Nathan uses common sense in his dealings with animals. For example, he said a rescue or shelter’s adoption form should not be the stopping place for an adoption, it should be the beginning of a conversation. He thinks too many groups use too strict of guidelines and then never make exceptions because they don’t actually talk to the people. 10 years ago, I went to HSI to adopt a dog. I looked at a husky mix. I was denied because I said the dog would live in a fenced back yard while I was not home. Their forms at that time (they are more relaxed now) said that dogs could only go to homes where they would live inside as companion animals. So, they would rather kill the husky mix, a dog that was probably happier outside, than let it live outside. And yet, this same organization says there just aren’t enough homes.
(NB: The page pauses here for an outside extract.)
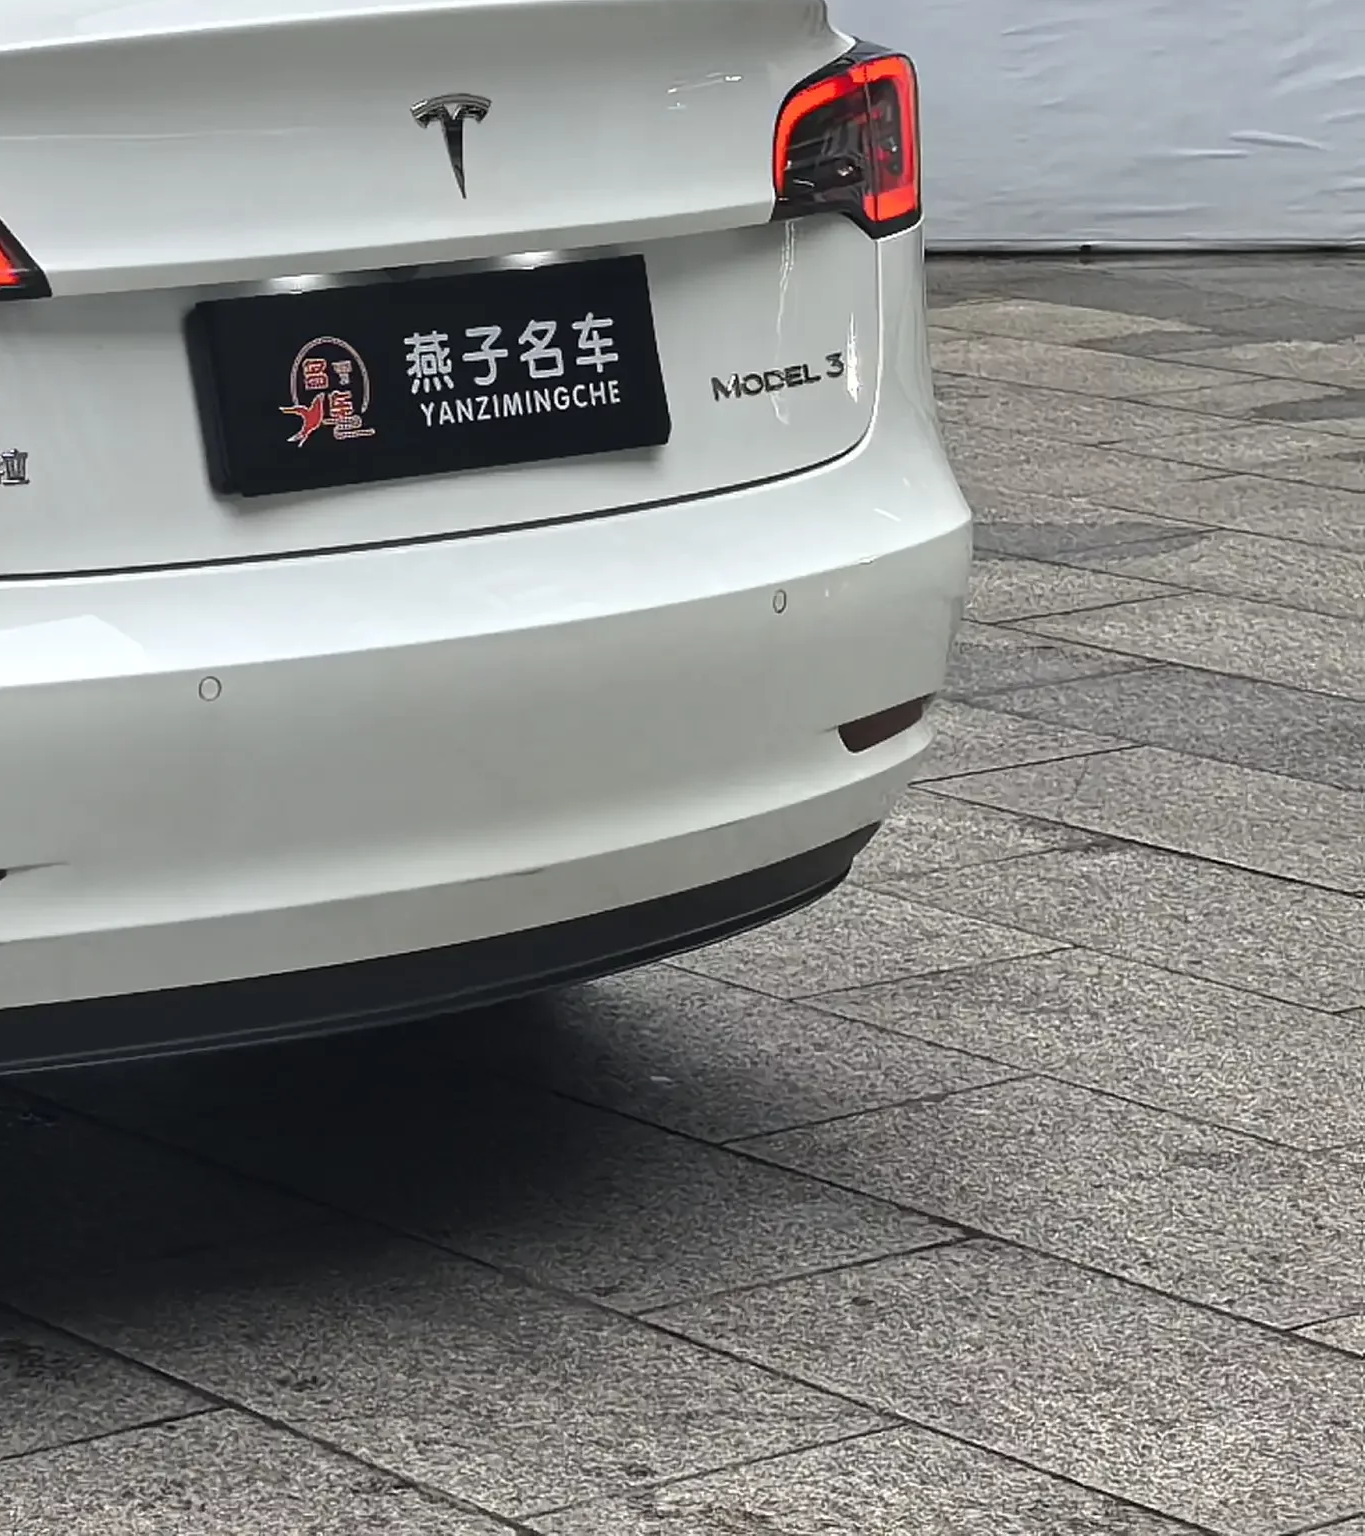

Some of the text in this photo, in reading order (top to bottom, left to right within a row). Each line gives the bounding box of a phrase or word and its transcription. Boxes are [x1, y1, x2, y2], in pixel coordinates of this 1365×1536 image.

[403, 311, 621, 395] 燕子名车
[710, 351, 846, 402] MODEL 3
[419, 379, 622, 428] YANZIMINGCHE
Nathan never has a purebred dog in his shelters. All those go to rescues. He says to go no kill you have to really work it. You have to have foster homes, rescue groups, off-site adoptions, hours which allow people to see animals after work (many shelters are open 9-5), newsletters, creative marketing of hard-to-place animals, relationships with all the local animal hospitals, vet schools, animal organizations or any business that deals with animals. At one of his shelters, each dog came with 1 month of free poop removal from a local service, 10 percent off training at a local trainer (and some dogs were given free training as special promotions), free initial vet visit from any vet they choose, spayed and or neutered, shots, and a whole bag full of other incentives, all for a $60 adoption fee. He pointed out that shelters MUST compete with pet stores. You can go into a pet store and get your puppy or kitten immediately, with no forms, no waiting period, just pay the money. Many shelters have 48 hour holds or don’t spay, neuter until after adoption, so people who told their child that today was the day they were getting a puppy were disappointed if they came to that kind of shelter.

Volunteers are the main thing you need and he pointed out it is easier to get volunteers if they know they won’t constantly be working with animals that won’t die tomorrow. I don’t volunteer at a shelter because I know myself too well. I would be an emotional wreck, but if I could work with a no kill shelter, I would give them every free hour I could muster.
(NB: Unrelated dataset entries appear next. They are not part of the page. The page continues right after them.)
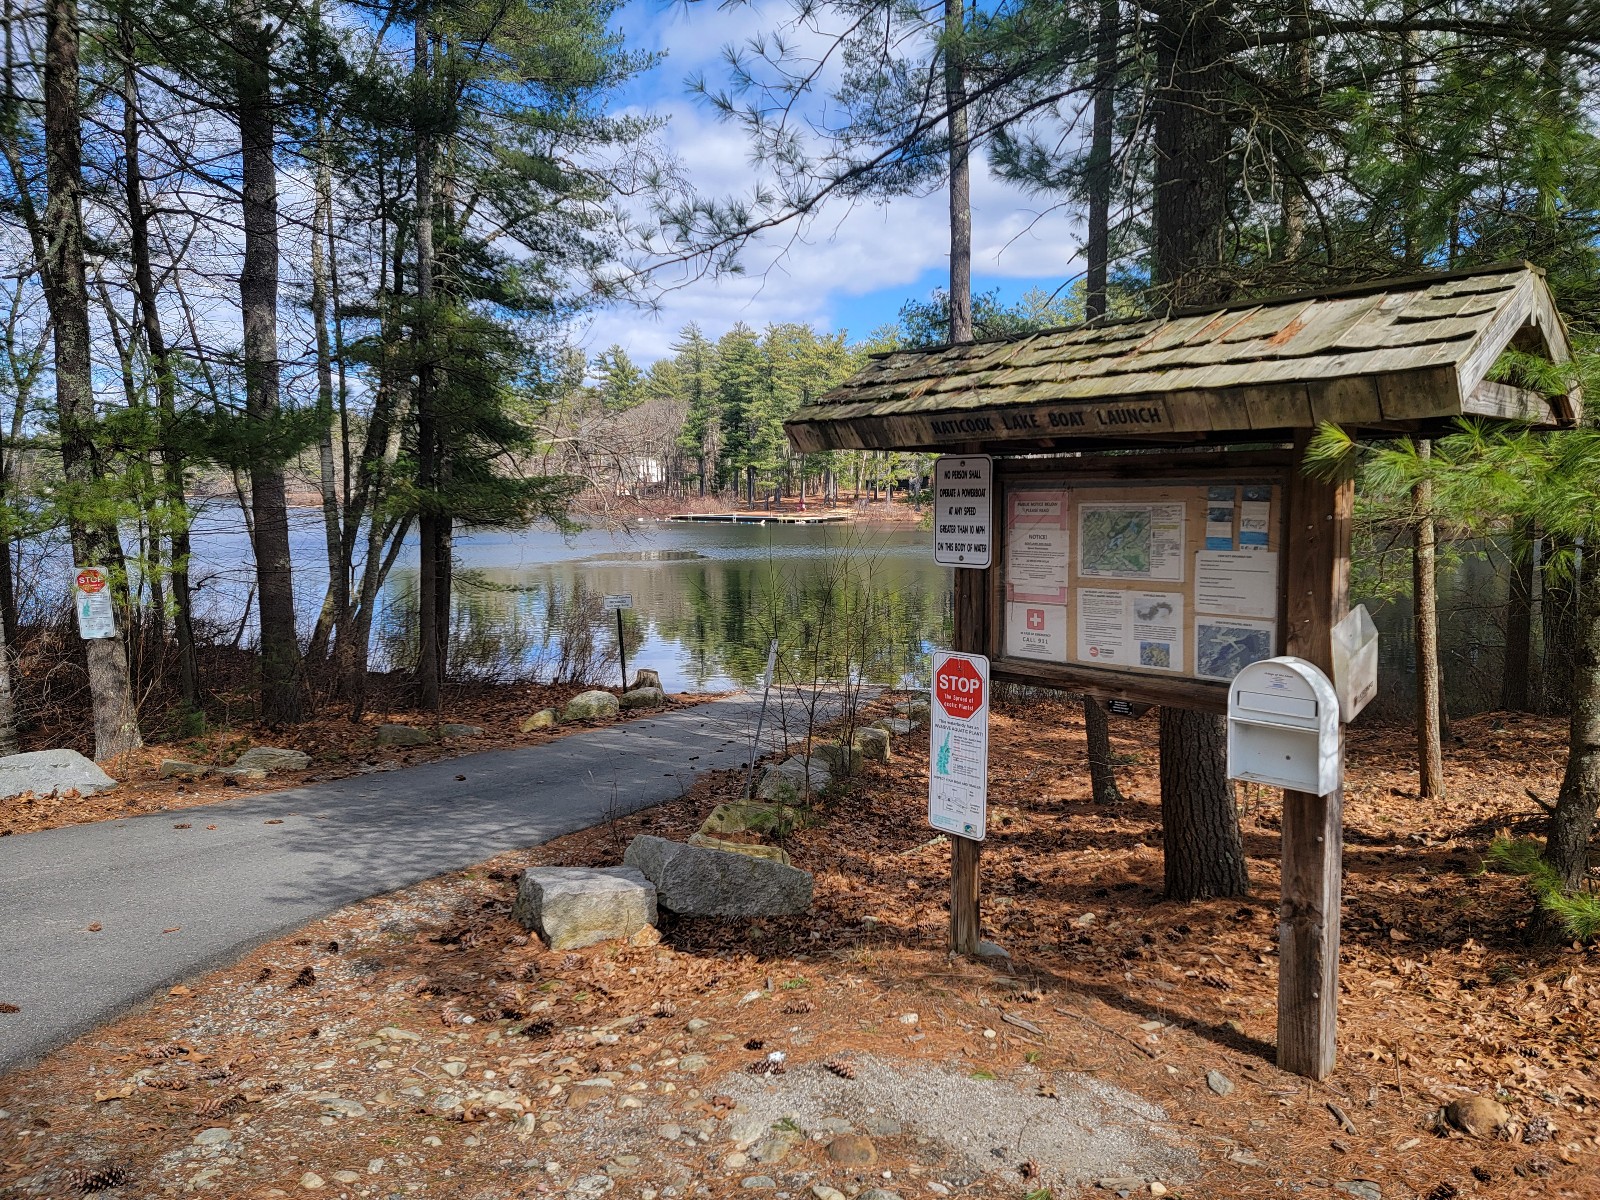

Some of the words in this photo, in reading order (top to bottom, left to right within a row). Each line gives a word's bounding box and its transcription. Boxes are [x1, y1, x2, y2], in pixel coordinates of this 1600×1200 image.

[930, 416, 995, 435] NATICOOK
[1002, 412, 1040, 430] LAKE
[1048, 410, 1086, 428] BOAT
[1097, 408, 1162, 425] LAUNCH
[944, 470, 950, 479] NO
[952, 470, 967, 480] PERSON
[968, 470, 982, 479] SHALL
[940, 488, 956, 498] OPERATE
[957, 489, 960, 498] A
[962, 488, 986, 498] POWERBOAT
[948, 507, 953, 515] AT
[954, 507, 963, 515] ANY
[964, 507, 976, 516] SPEED
[940, 525, 956, 534] GREATER
[957, 525, 968, 534] THAN
[970, 525, 974, 534] 10
[976, 526, 985, 534] MPH
[938, 542, 944, 551] ON
[945, 543, 953, 551] THIS
[955, 543, 966, 552] BODY
[967, 544, 973, 552] OF
[974, 544, 987, 553] WATER
[939, 674, 980, 693] STOP
Let me close by saying that the #1 Reason I am sending out this email is also because Nathan did NOT promote any mandatory laws. As many of you know, I belong to a working dog club. Everyone but me, has an intact dog that they work. Not a single person in my dog club has ever had an unwanted pregnancy in their dog or let their male dogs wander. They want their dogs intact because some studies indicate that intact animals perform better than those who have been altered. While this is a topic that both sides of the s/n issue could debate forever, I respect my friends rights to keep their dogs intact as long as those animals do not do anything to cause an unwanted litter. Mandatory laws, Nathan pointed out more than once, actually never work and generally make kill rates go up. This includes licensing laws and leash laws. One study in San Francisco actually showed that the more off-leash dog parks there were the fewer incidents of dog bites were reported. We do not need laws to protect people from animals. We need low cost or no cost spay and neuter programs and vaccination programs and we need to let people have their pets and do stuff with them without fear of fines.

I have one more thing to add and it is important. Too many things never get done because each and every rescue group, animal shelter and dog and or cat group has its own agenda and often those groups cannot see past those agendas. So, you might not like someone on a specific board or someone who runs a specific group. Try and look past that and see if you can support that groups cause. If you don’t like a direction things are going, don’t complain unless you are active in trying to cause change. Don’t not help just because your specific group may have some issues that aren’t shared by everyone. Too often, we get hung up on little, picky things while 5 million animals are dying.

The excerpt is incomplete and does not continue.